Remarkable Results in a Preliminary Clinical Test of a Rapid-Acting Antidepressant Treatment

Remarkable Results in a Preliminary Clinical Test of a Rapid-Acting Antidepressant Treatment

Posted: August 11, 2020
Remarkable Results in a Preliminary Clinical Test of a Rapid-Acting Antidepressant Treatment

Story highlights

A story discussing SAINT, a new protocol for delivering non-invasive brain stimulation. Tested in a small group of highly refractory patients with severe depression, it was remarkably successful, enabling 19 of 21 patients to achieve remission within 5 days. SAINT could serve as a rapid-acting antidepressant treatment for patients in crisis, including those at high risk of suicide.

 

Imagine a new treatment for people with major depression who have not responded to existing treatments—one that acts rapidly and helps a much larger fraction of such patients than any current treatment.

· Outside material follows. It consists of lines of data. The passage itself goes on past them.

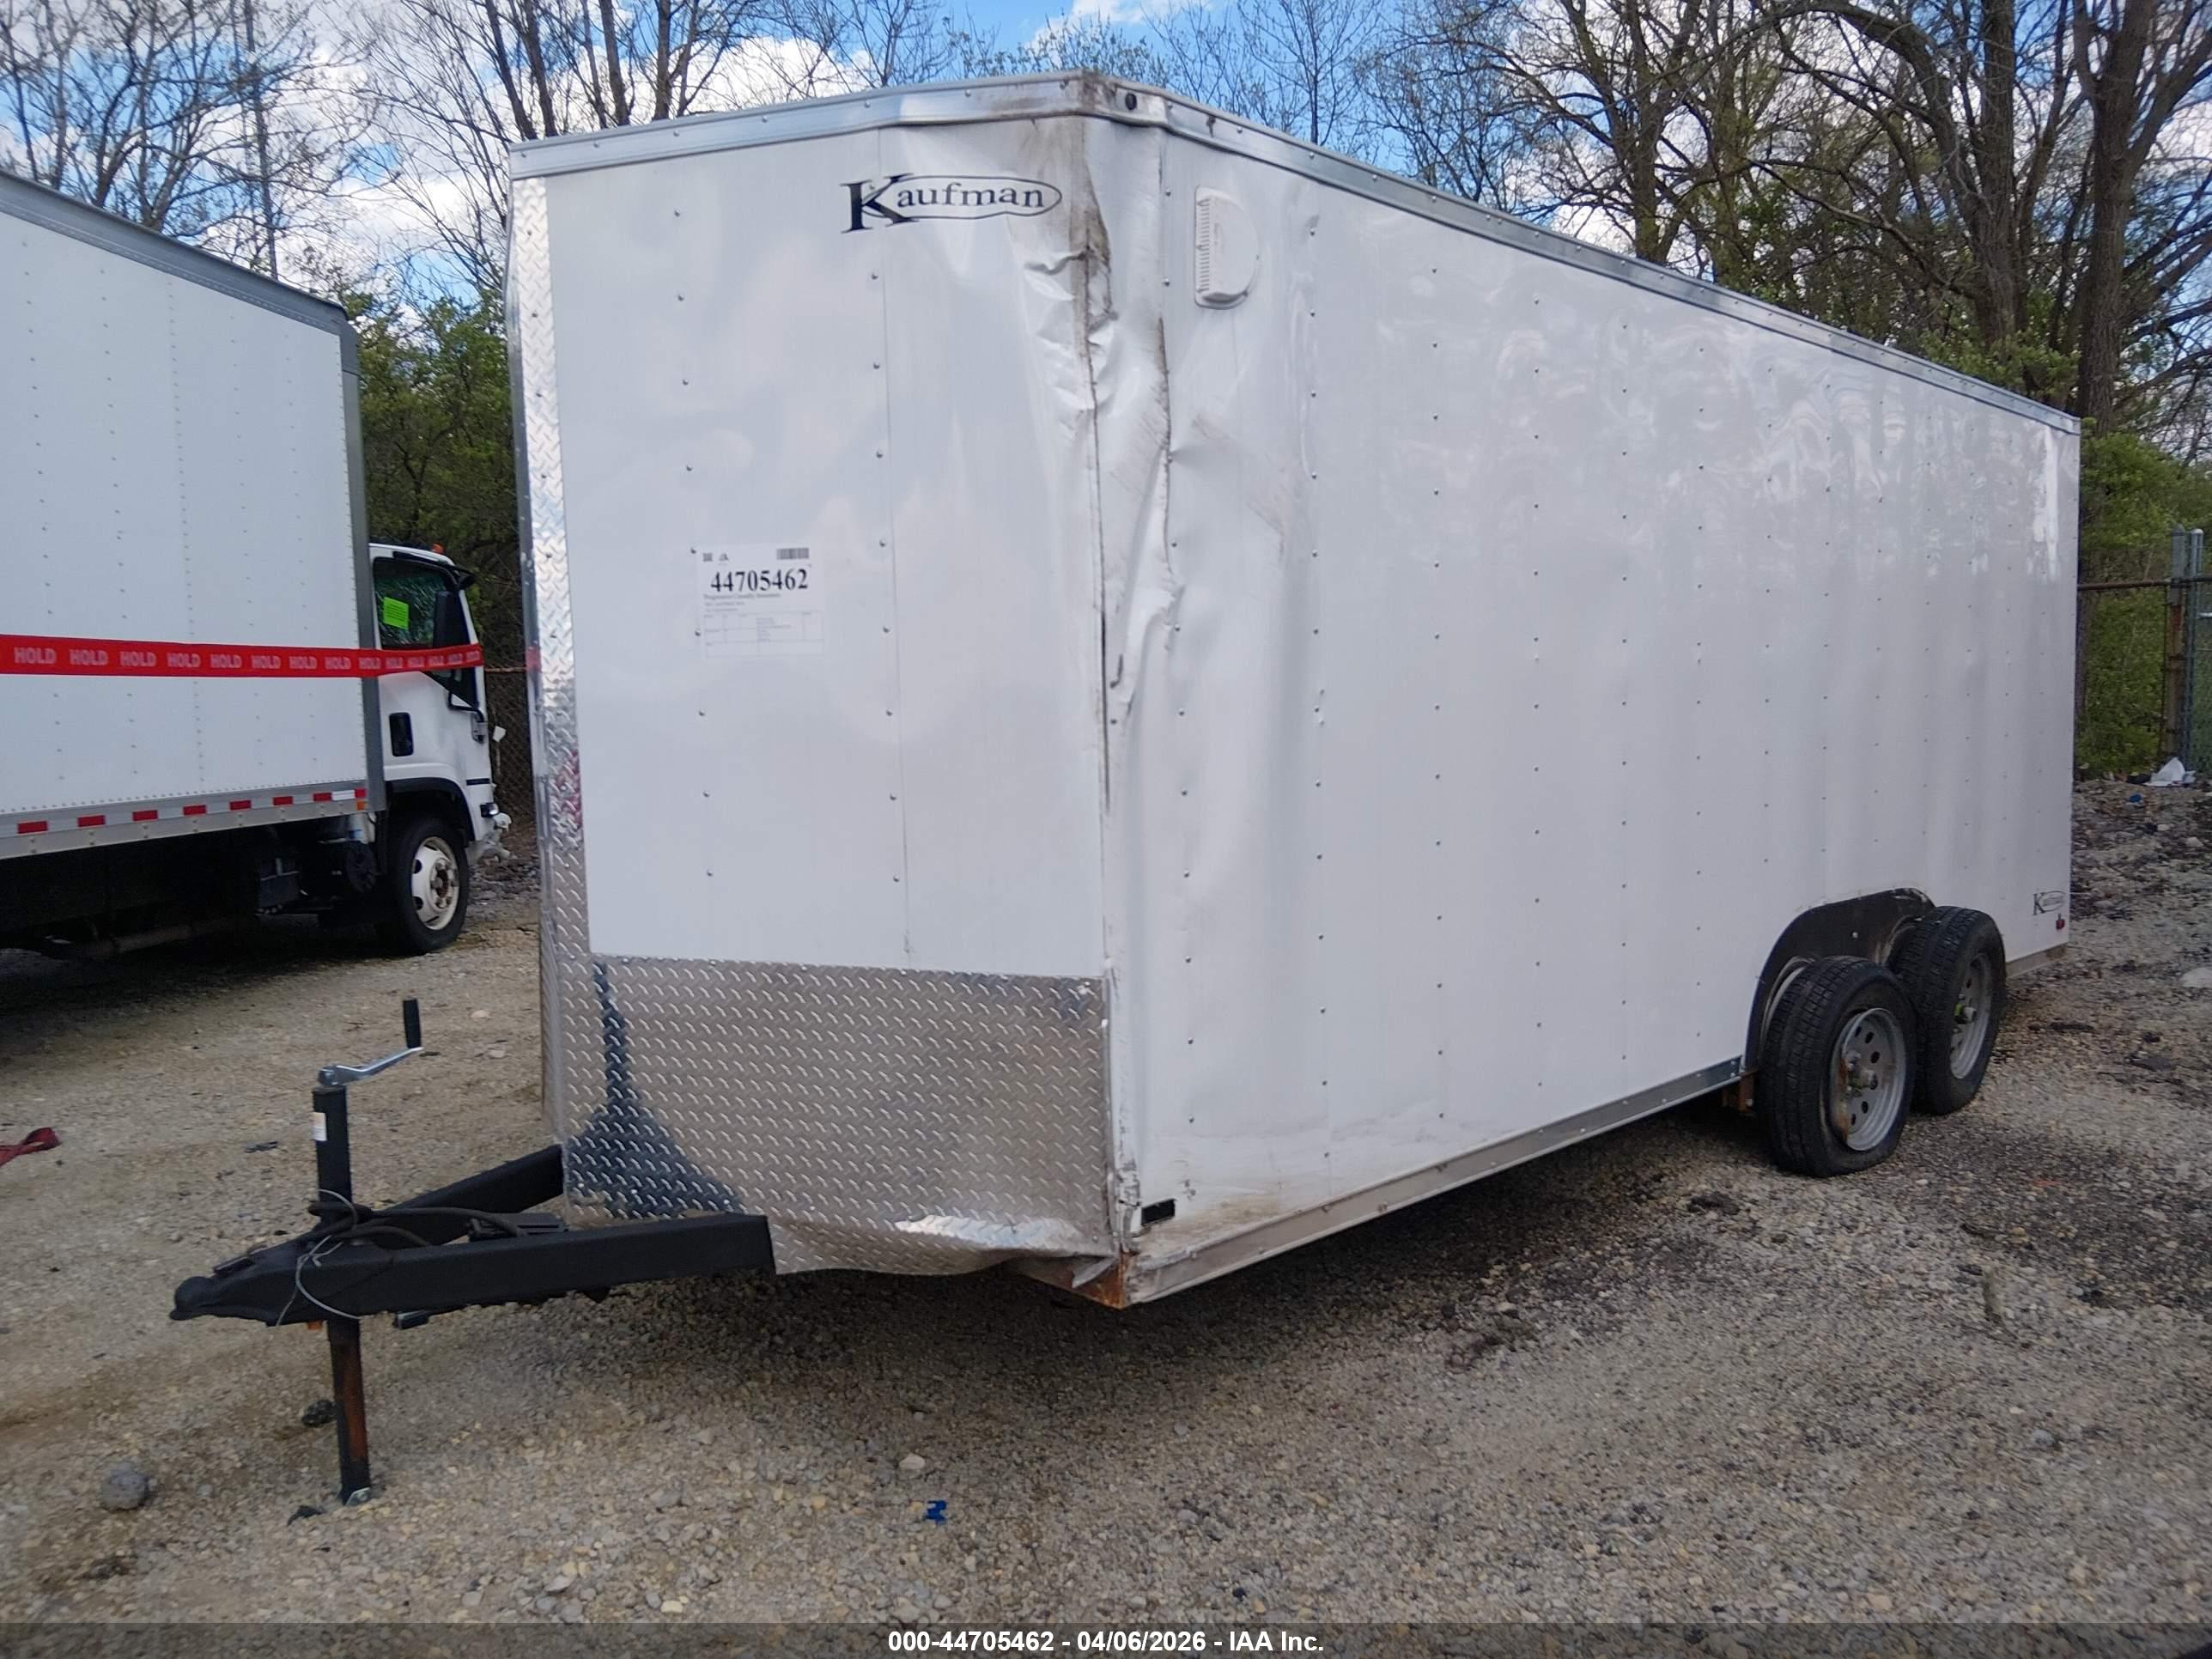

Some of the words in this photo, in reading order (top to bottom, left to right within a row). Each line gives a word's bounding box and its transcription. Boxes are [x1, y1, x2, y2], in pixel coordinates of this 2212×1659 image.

[840, 173, 1045, 234] Kaufman
[710, 568, 809, 592] 44705462
[14, 647, 57, 665] HOLD
[69, 648, 108, 666] HOLD
[119, 651, 156, 667] HOLD
[167, 653, 201, 668] HOLD
[210, 653, 242, 669] HOLD
[251, 655, 281, 669] HOLD
[289, 656, 318, 670] HOLD
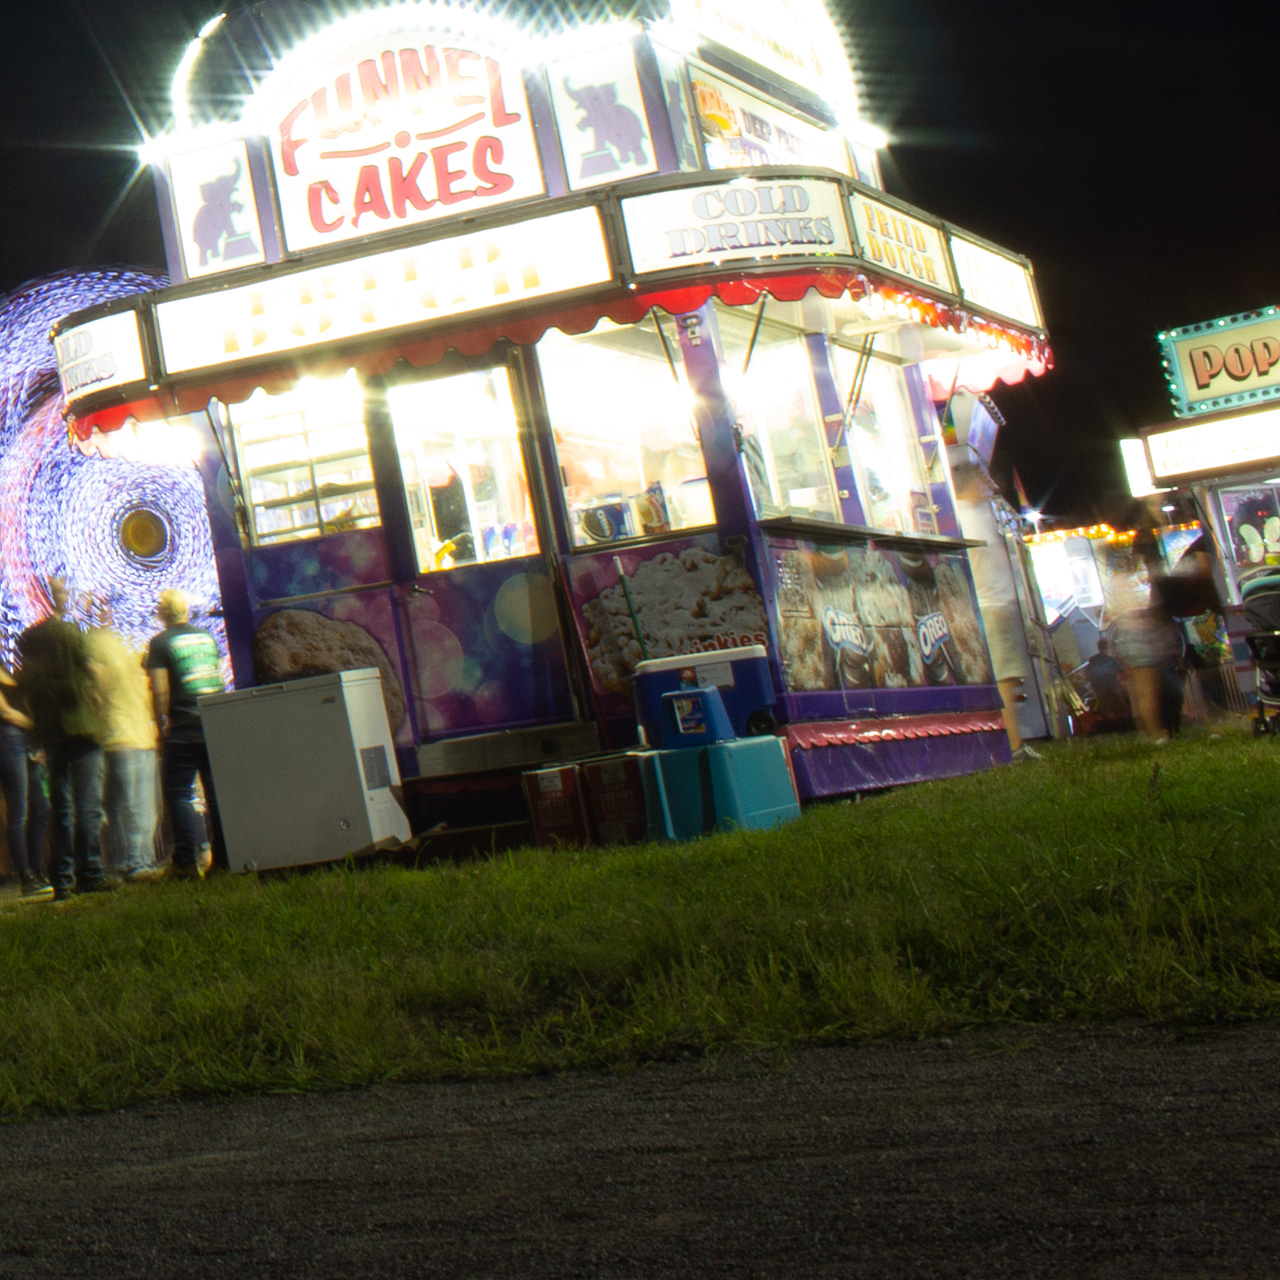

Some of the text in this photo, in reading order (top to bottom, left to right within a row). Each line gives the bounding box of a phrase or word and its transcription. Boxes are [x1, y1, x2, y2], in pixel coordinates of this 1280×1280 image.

[278, 44, 521, 177] FUNNEL
[307, 135, 514, 233] CAKES
[692, 185, 809, 220] COLD
[664, 216, 835, 259] DRINKS
[862, 202, 927, 253] FRIED
[866, 231, 939, 286] DOUGH
[1189, 336, 1280, 391] POP
[823, 608, 868, 651] OREO
[918, 614, 948, 659] OREO

The new treatment has the following characteristics. It is optimized for each patient who receives it. It takes a total of 5 days to receive the full treatment dose. Antidepressant effects are felt by most patients between days 2 and 3. By the end of the 5th day, when the treatment course is completed, 90% of patients are in remission—they are no longer clinically depressed. Those who had reported suicidal thoughts prior to treatment no longer report having such thoughts. The treatment appears to have no serious or lasting side effects. One month after being treated, 70% of patients continue to experience an antidepressant “response”—defined as a reduction in initial symptoms of at least 50%.

This is not a fantasy. It’s a summary of the results of a small, preliminary clinical test of a protocol called the Stanford Accelerated Intelligent Neuromodulation Therapy (SAINT) for treatment-resistant depression. SAINT is a new approach to delivering non-invasive brain stimulation—via a magnetic coil placed just above the scalp and focused on a precise spot in the brain. The results, based on an “open-label” clinical trial involving 21 patients with refractory depression, were reported in the American Journal of Psychiatry in April.

Leading the research team that developed SAINT is Nolan R. Williams, M.D., Assistant Professor of Psychiatry and Behavioral Sciences at the Stanford University Medical Center. Dr. Williams developed the protocol with the help of his two BBRF Young Investigator grants, received in 2016 and 2018. In 2019, Dr. Williams was the recipient of BBRF’s Klerman Prize for Exceptional Clinical Research.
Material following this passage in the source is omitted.